* [EXERCISE]: Copy down every line of the data that follows exactly. Omit the pictures.

* [DATA LISTING]:
□ □ □
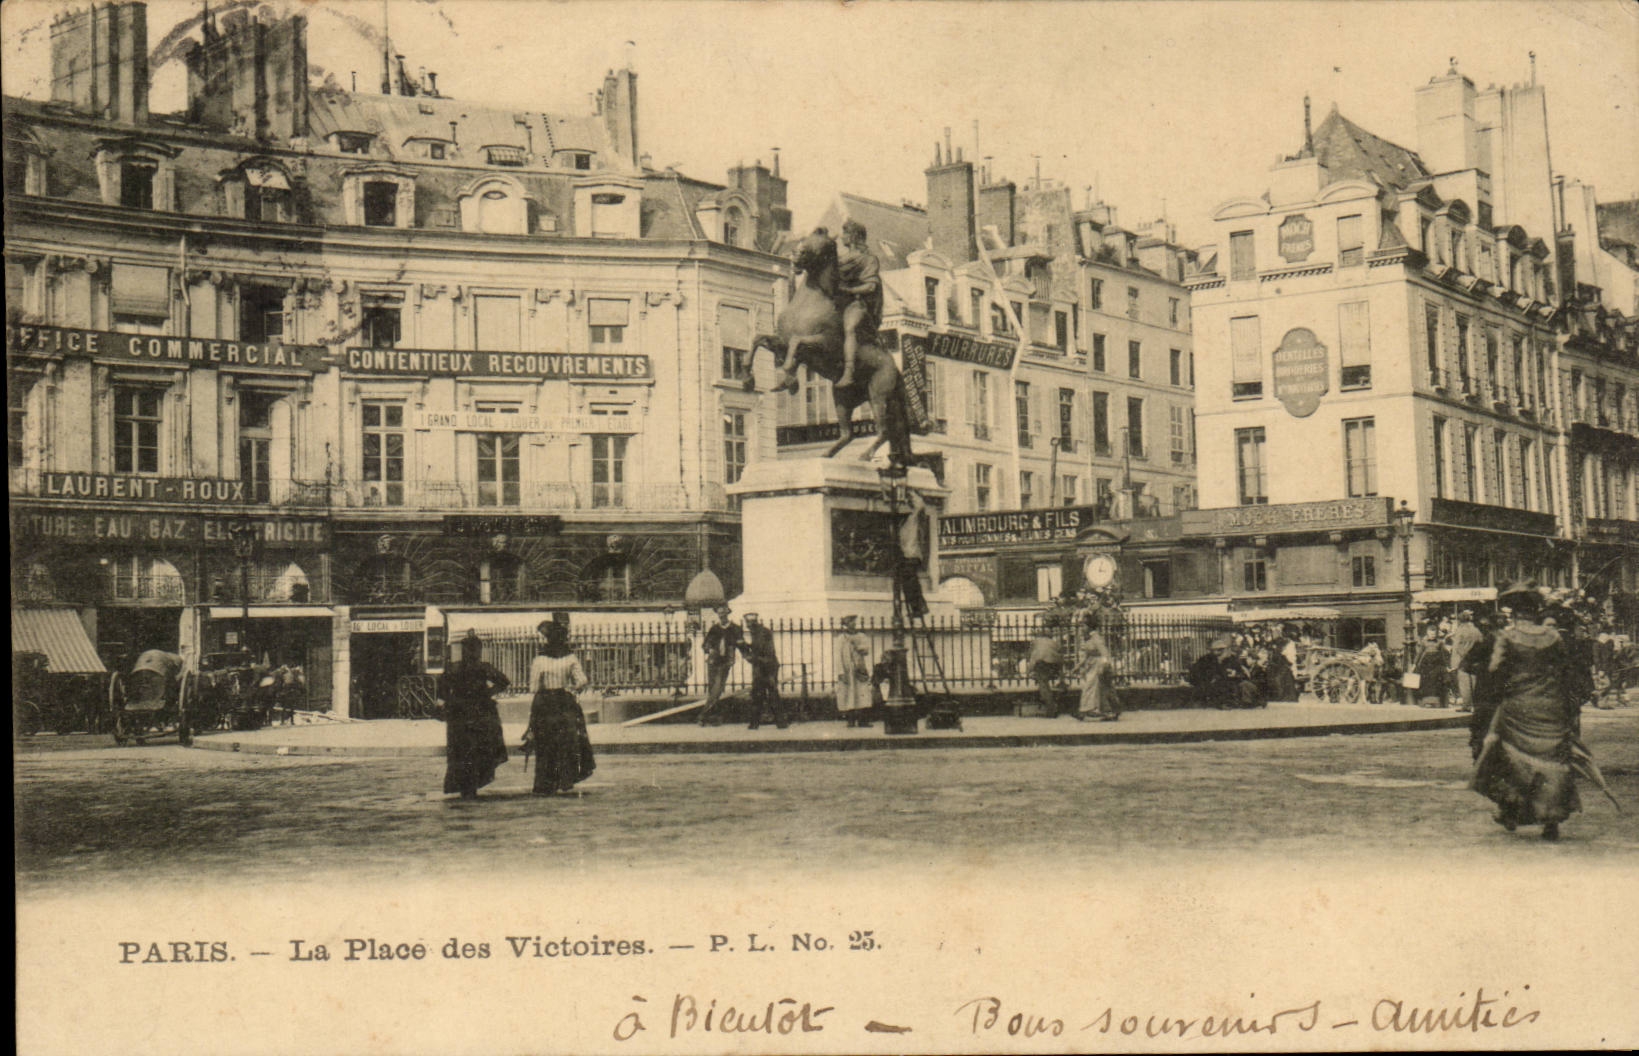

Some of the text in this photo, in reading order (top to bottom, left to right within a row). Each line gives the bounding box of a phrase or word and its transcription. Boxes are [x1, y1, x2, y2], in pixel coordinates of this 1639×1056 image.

[128, 337, 304, 367] COMMERCIAL
[349, 349, 473, 373] CONTENTIEUX
[488, 353, 647, 377] RECOUVREMENTS
[931, 334, 1013, 367] FOURRURES
[427, 413, 457, 427] GRAND
[466, 414, 493, 428] LOCAL
[94, 516, 132, 538] EAU
[149, 518, 186, 540] GAZ
[204, 520, 324, 542] ELETRICITE
[1032, 515, 1042, 529] &
[1045, 510, 1080, 528] FILS
□ □ □
* [REPLY TO THE TASK]:
Some of the text in this photo, in reading order (top to bottom, left to right within a row). Each line gives the bounding box of a phrase or word and its transcription. Boxes are [x1, y1, x2, y2], in pixel coordinates of this 1639×1056 image.

[128, 337, 304, 367] COMMERCIAL
[349, 349, 473, 373] CONTENTIEUX
[488, 353, 647, 377] RECOUVREMENTS
[931, 334, 1013, 367] FOURRURES
[427, 413, 457, 427] GRAND
[466, 414, 493, 428] LOCAL
[94, 516, 132, 538] EAU
[149, 518, 186, 540] GAZ
[204, 520, 324, 542] ELETRICITE
[1032, 515, 1042, 529] &
[1045, 510, 1080, 528] FILS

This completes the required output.